Records START

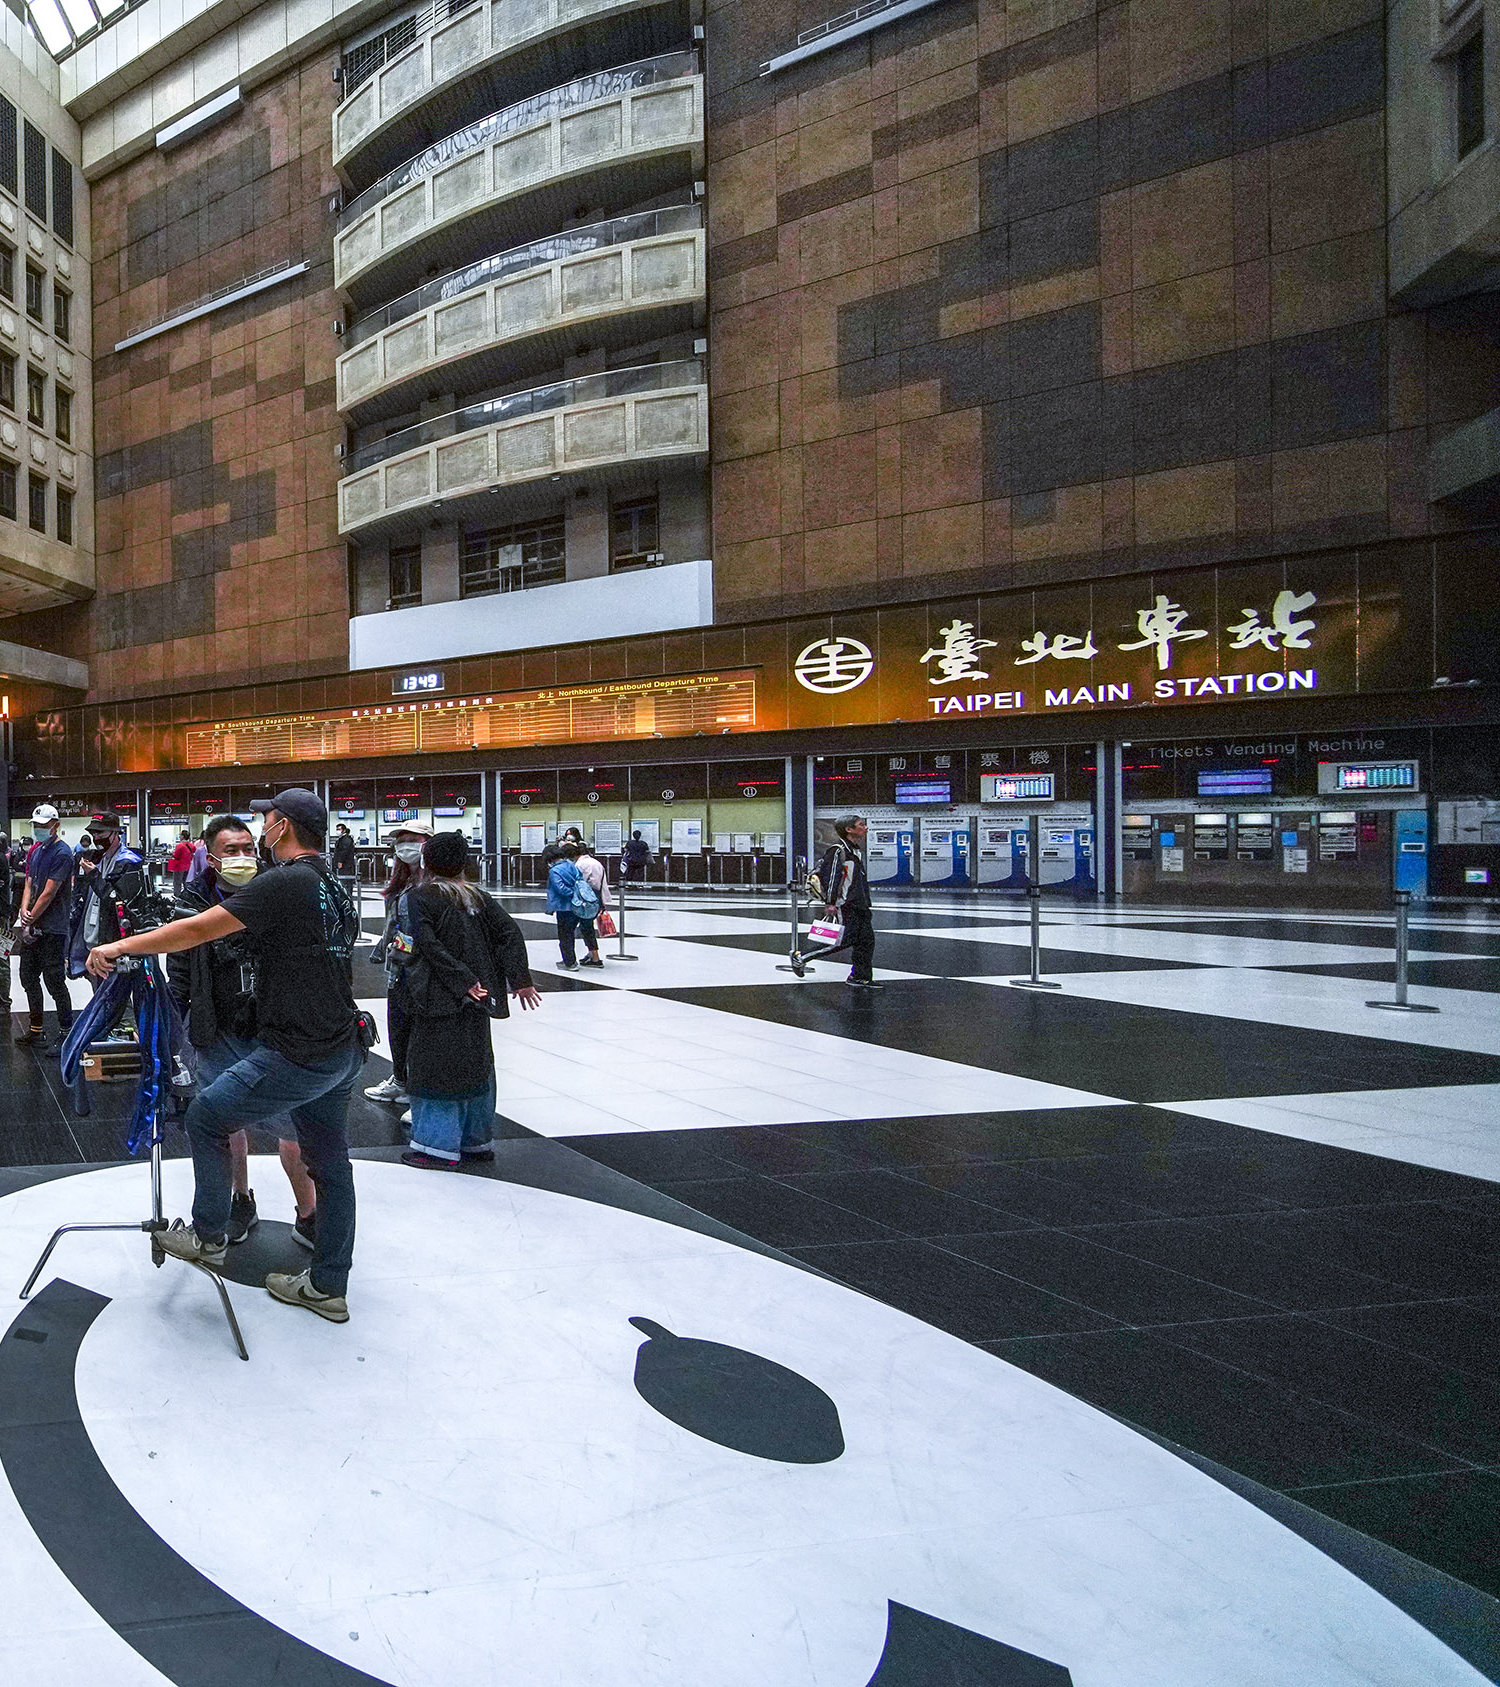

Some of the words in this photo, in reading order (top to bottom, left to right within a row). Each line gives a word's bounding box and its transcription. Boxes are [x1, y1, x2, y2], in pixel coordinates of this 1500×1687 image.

[920, 590, 1317, 684] 臺北車站
[558, 686, 603, 697] Northbound
[609, 682, 652, 692] Eastbound
[654, 678, 695, 688] Departure
[928, 690, 1023, 714] TAIPEI
[1044, 682, 1129, 707] MAIN
[1154, 669, 1315, 698] STATION
[227, 720, 263, 728] Southbound
[265, 717, 297, 725] Departure
[1150, 745, 1213, 759] Tickets
[1225, 742, 1296, 757] Vending
[1309, 739, 1385, 752] Machine
[846, 750, 1050, 773] 自動售票機

Records END

→ Exercise
Restate each entry word for word; pictures stay out of the copy.

→ Answer to the problem
Some of the words in this photo, in reading order (top to bottom, left to right within a row). Each line gives a word's bounding box and its transcription. Boxes are [x1, y1, x2, y2], in pixel coordinates of this 1500×1687 image.

[920, 590, 1317, 684] 臺北車站
[558, 686, 603, 697] Northbound
[609, 682, 652, 692] Eastbound
[654, 678, 695, 688] Departure
[928, 690, 1023, 714] TAIPEI
[1044, 682, 1129, 707] MAIN
[1154, 669, 1315, 698] STATION
[227, 720, 263, 728] Southbound
[265, 717, 297, 725] Departure
[1150, 745, 1213, 759] Tickets
[1225, 742, 1296, 757] Vending
[1309, 739, 1385, 752] Machine
[846, 750, 1050, 773] 自動售票機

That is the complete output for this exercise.